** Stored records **

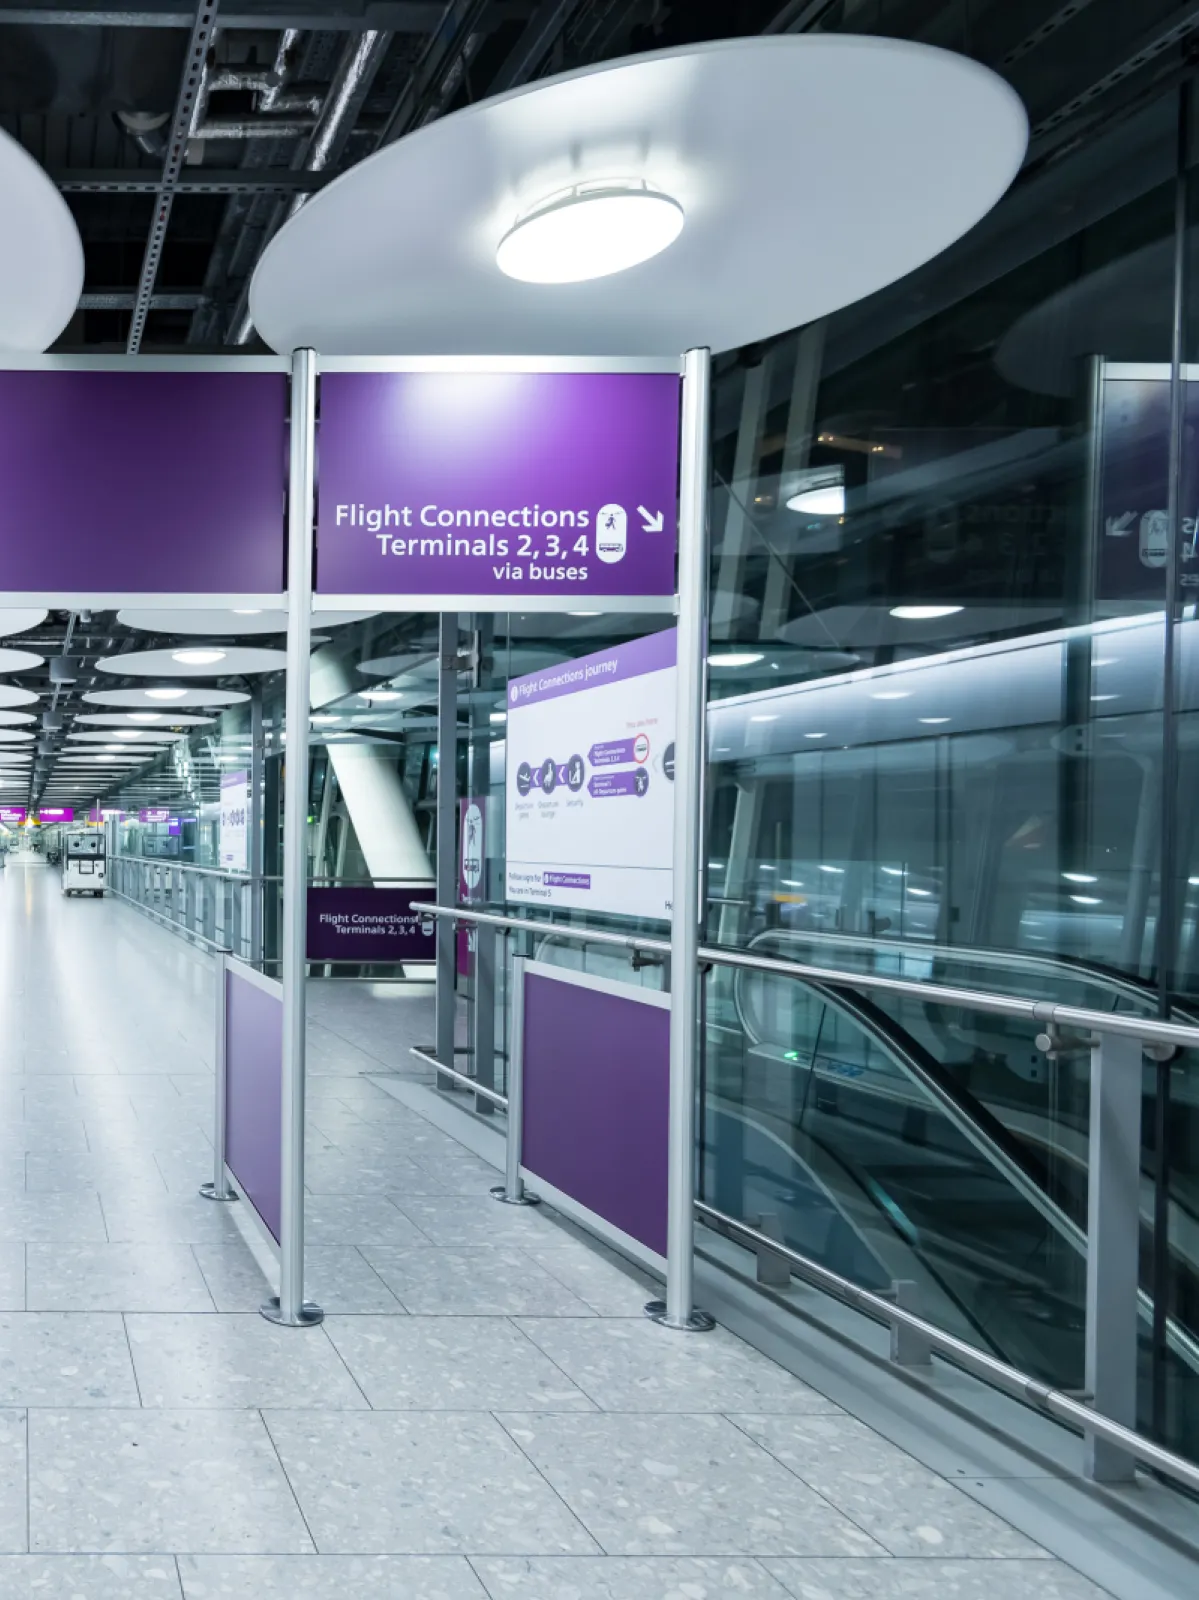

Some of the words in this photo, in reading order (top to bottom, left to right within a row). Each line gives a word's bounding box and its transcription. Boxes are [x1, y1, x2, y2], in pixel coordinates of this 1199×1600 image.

[336, 504, 413, 532] Flight
[420, 505, 589, 528] Connections
[376, 533, 509, 557] Terminals
[517, 535, 539, 559] 2,
[545, 535, 567, 560] 3,
[572, 535, 589, 557] 4
[493, 563, 523, 580] via
[530, 563, 588, 581] buses
[519, 680, 537, 698] Flight
[538, 668, 583, 691] Connections
[584, 659, 618, 681] journey
[319, 913, 350, 925] Flight
[351, 913, 414, 923] Connections
[335, 924, 386, 934] Terminals
[409, 925, 416, 934] 4

** EXERCISE DIRECTIONS **
Leaving aside the images, write out the entries above word for word.

** TASK SOLUTION **
Some of the words in this photo, in reading order (top to bottom, left to right within a row). Each line gives a word's bounding box and its transcription. Boxes are [x1, y1, x2, y2], in pixel coordinates of this 1199×1600 image.

[336, 504, 413, 532] Flight
[420, 505, 589, 528] Connections
[376, 533, 509, 557] Terminals
[517, 535, 539, 559] 2,
[545, 535, 567, 560] 3,
[572, 535, 589, 557] 4
[493, 563, 523, 580] via
[530, 563, 588, 581] buses
[519, 680, 537, 698] Flight
[538, 668, 583, 691] Connections
[584, 659, 618, 681] journey
[319, 913, 350, 925] Flight
[351, 913, 414, 923] Connections
[335, 924, 386, 934] Terminals
[409, 925, 416, 934] 4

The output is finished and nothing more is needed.